Alcohol does not offer any nutritional value. So drinking too much can increase your risk of developing chronic diseases such as cancer. It can also increase calorie consumption, which can lead weight gain over time.
7. Cook With Unsaturated Fats
Many people view all cooking oils as equal when that is the farthest thing from the truth. With so many on the market, it can be hard to decide which ones are best.
There are two rules that you can follow to ensure you using healthy cooking oils.
First, you want to choose unsaturated oils, which are oils considered to be high unsaturated fats. Second, choose oils with a high smoke point to reduce the risk of consuming toxins that can release free radicals in the body.
Examples of oils that fall into both categories are olive oil, avocado oil, and sesame oil. Studies continue to show that replacing saturated fats with unsaturated fats can improve your overall cardiovascular health.
8. Eat More Seafood
If you do not have a seafood allergy or aversion, try eating seafood at least twice per week. Remember those unsaturated fats I mentioned earlier? Well, seafood, specifically fish is packed with them. Studies show that seafood provides important several nutrients such as protein, essential amino acids, polyunsaturated fats, and a list of vitamins and minerals.

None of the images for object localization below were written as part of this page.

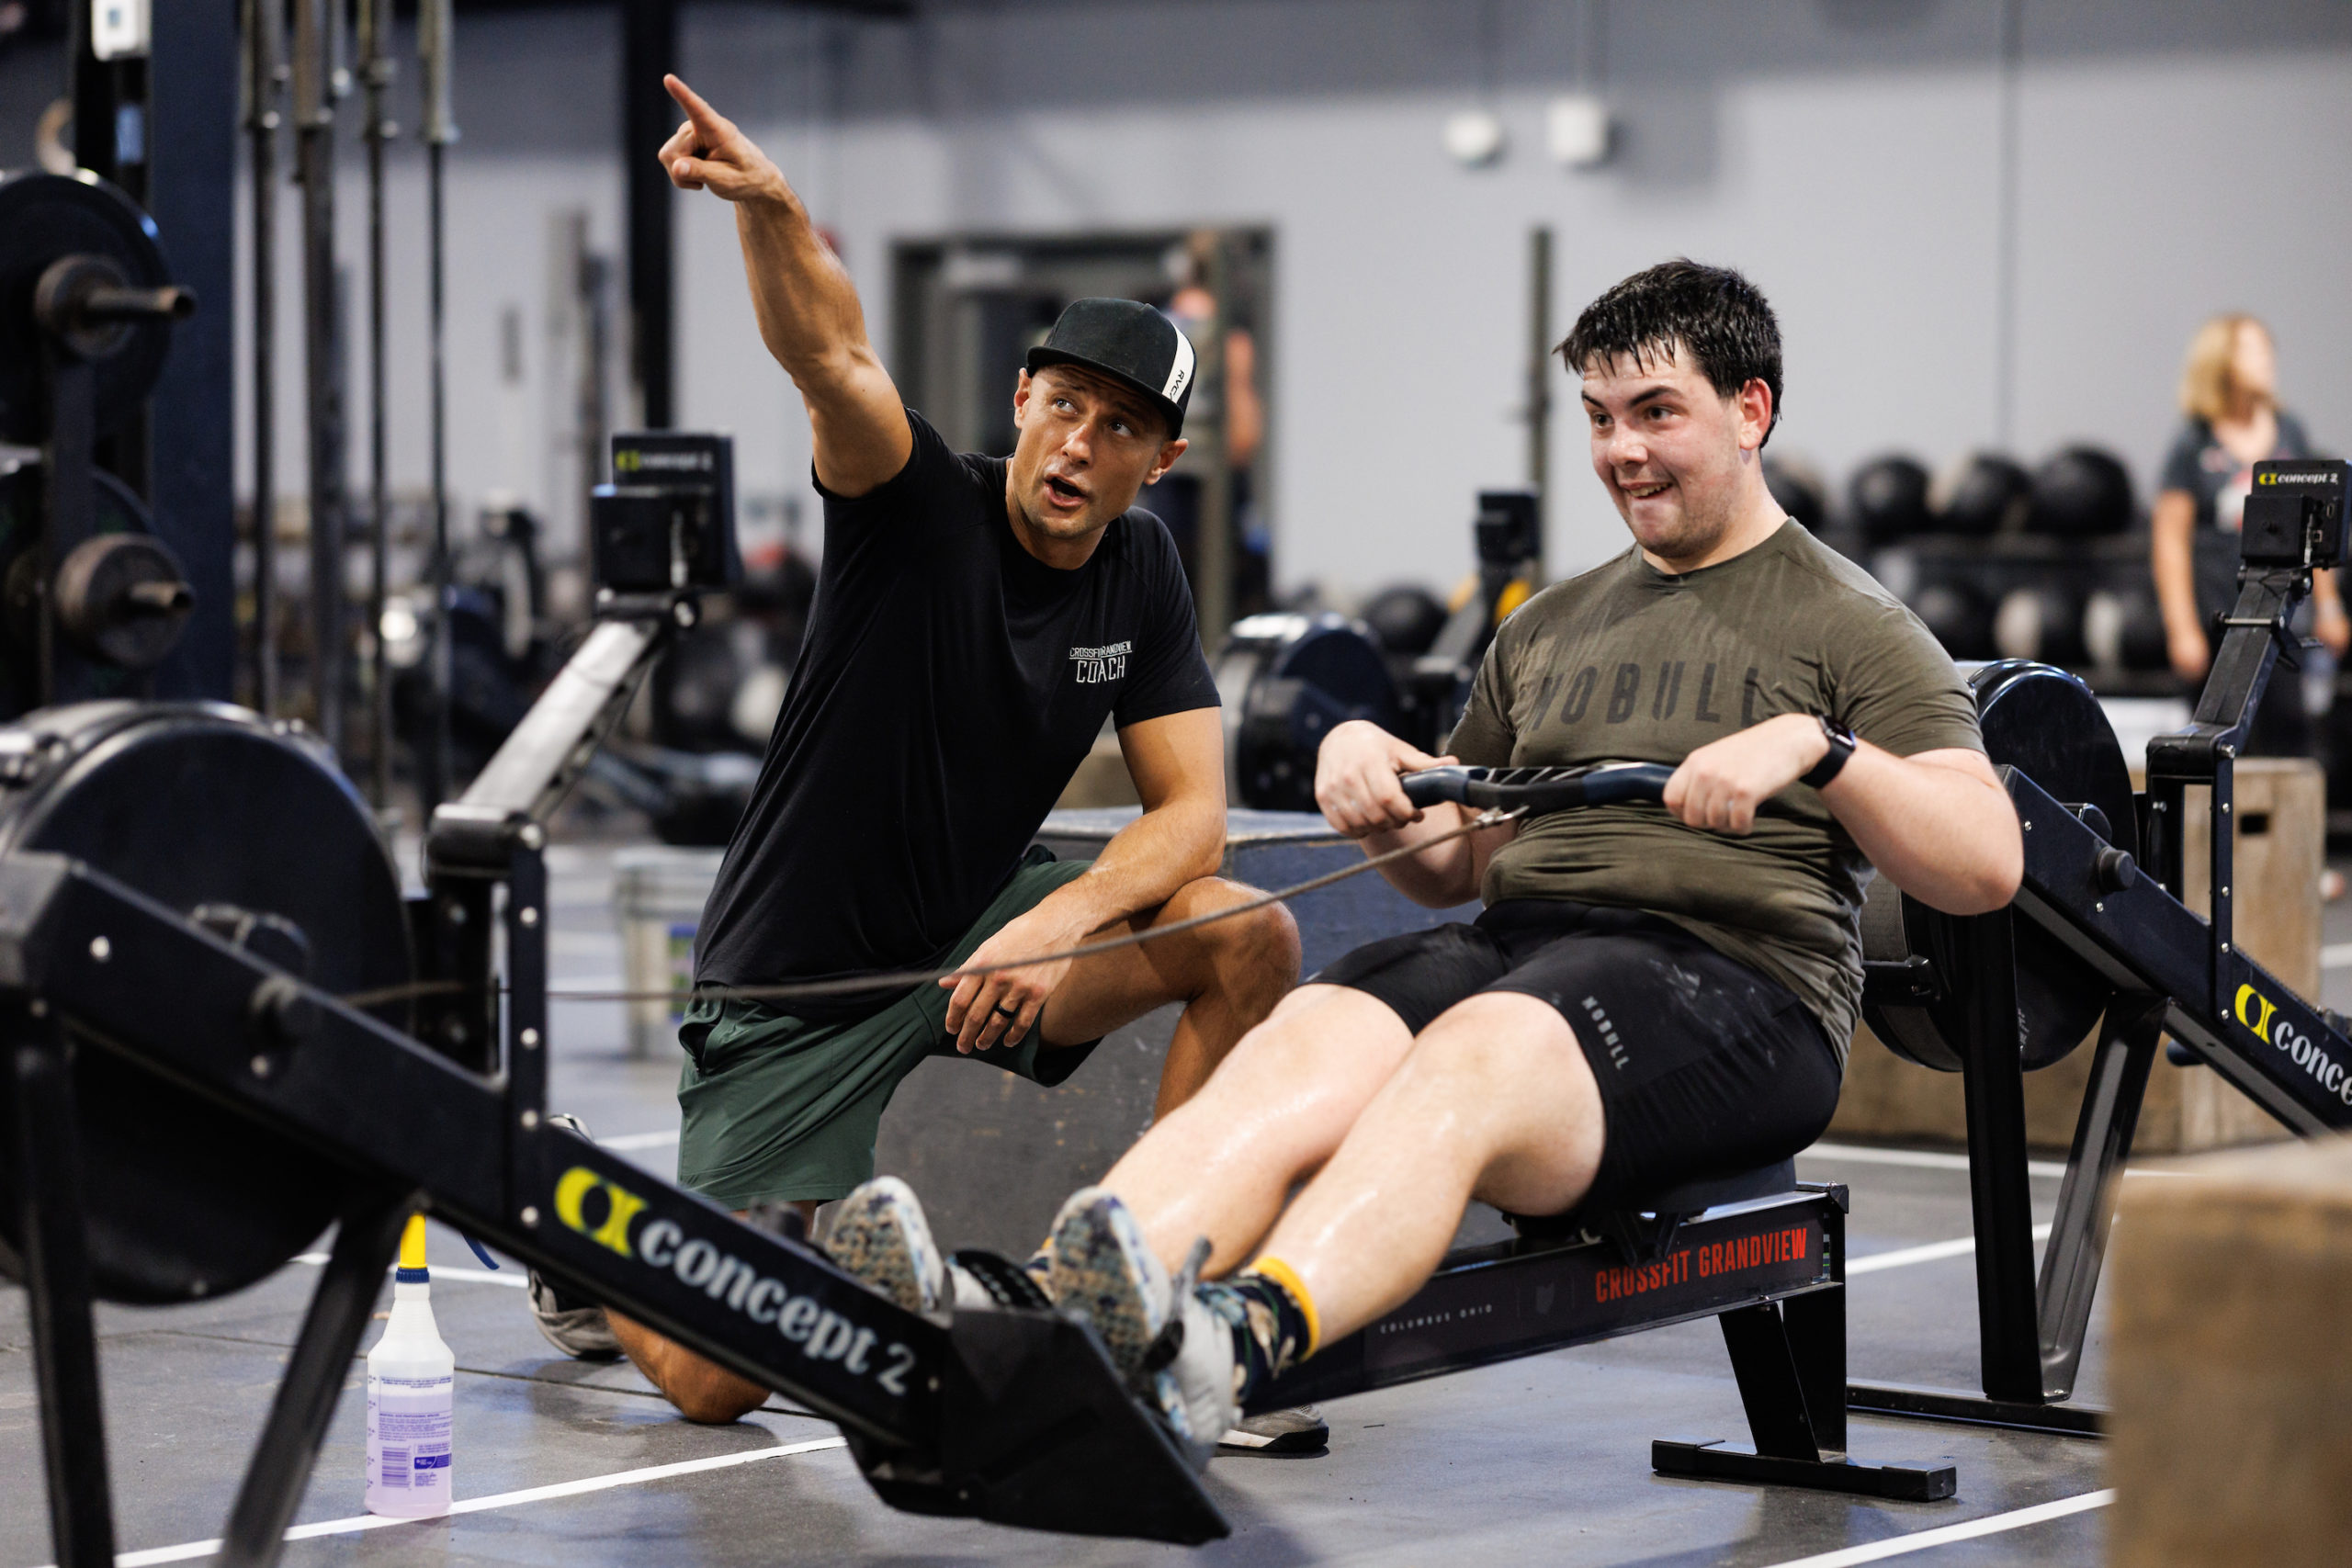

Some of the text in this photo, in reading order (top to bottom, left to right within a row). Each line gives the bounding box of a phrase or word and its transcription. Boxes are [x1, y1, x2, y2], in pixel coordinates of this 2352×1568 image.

[2278, 473, 2338, 485] concept 2
[1076, 655, 1125, 683] COACH
[1581, 996, 1630, 1070] NOBULL
[1596, 1227, 1807, 1303] CROSSFIT GRANDVIEW
[639, 1219, 916, 1396] concept 2
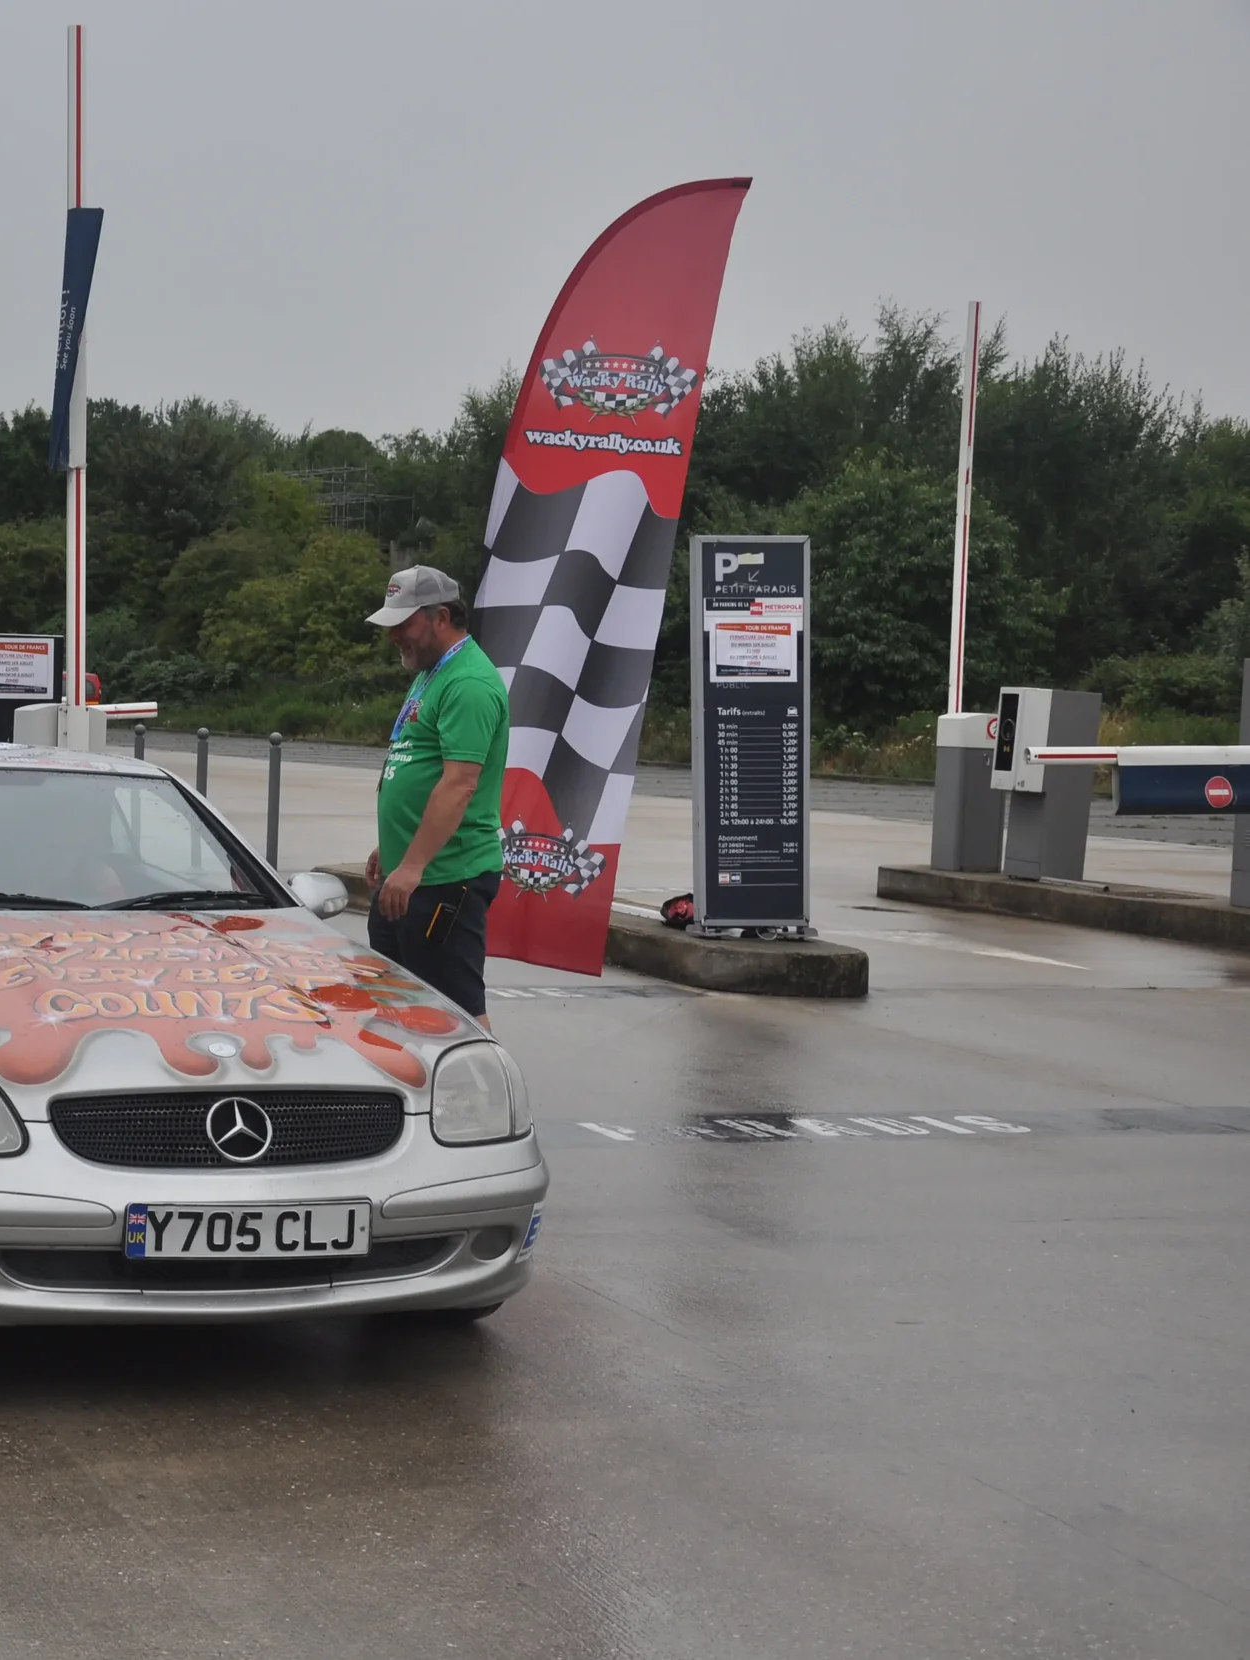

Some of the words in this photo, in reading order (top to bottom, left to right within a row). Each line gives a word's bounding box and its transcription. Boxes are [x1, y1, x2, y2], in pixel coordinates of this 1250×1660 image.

[67, 306, 76, 331] soon
[64, 332, 72, 350] you
[60, 352, 69, 370] See
[566, 373, 623, 389] Wacky
[624, 375, 666, 396] Rally
[525, 430, 681, 455] wackyrally.co.uk
[715, 553, 739, 582] P
[716, 584, 744, 594] PETIT
[749, 584, 797, 594] PARADIS
[717, 707, 741, 716] Tarifs
[504, 851, 540, 866] Wacky
[541, 854, 576, 877] Rally
[91, 947, 191, 963] LIFE
[33, 984, 328, 1023] COUNTS
[128, 1231, 145, 1244] UK
[148, 1210, 263, 1252] Y705
[276, 1209, 355, 1251] CLJ

The benefits associated with consuming seafood are endless. Eating more seafood can help you lose weight, improve brain function, boost immunity, and improve cardiovascular health.
9. Add More Color to Your Plate
Food, specifically fruits, and vegetables come in a variety of colors that you should try to include at mealtimes. Colorful foods such as grapes, peppers, squash, watermelon, etc, can provide your body with a number of important vitamins and minerals.
Adding color to your plate can also increase the number of antioxidants and polyphenols you consume. Studies show that these properties fight against diseases like cancer and have anti-aging effects.
For a list of colorful foods, you can visit the American Heart Association’s (AHA) website.
10. Consult With an RDN
As a future Registered Dietitian Nutritionist (RDN), I could be biased. But I believe, this healthy habit is probably the most important.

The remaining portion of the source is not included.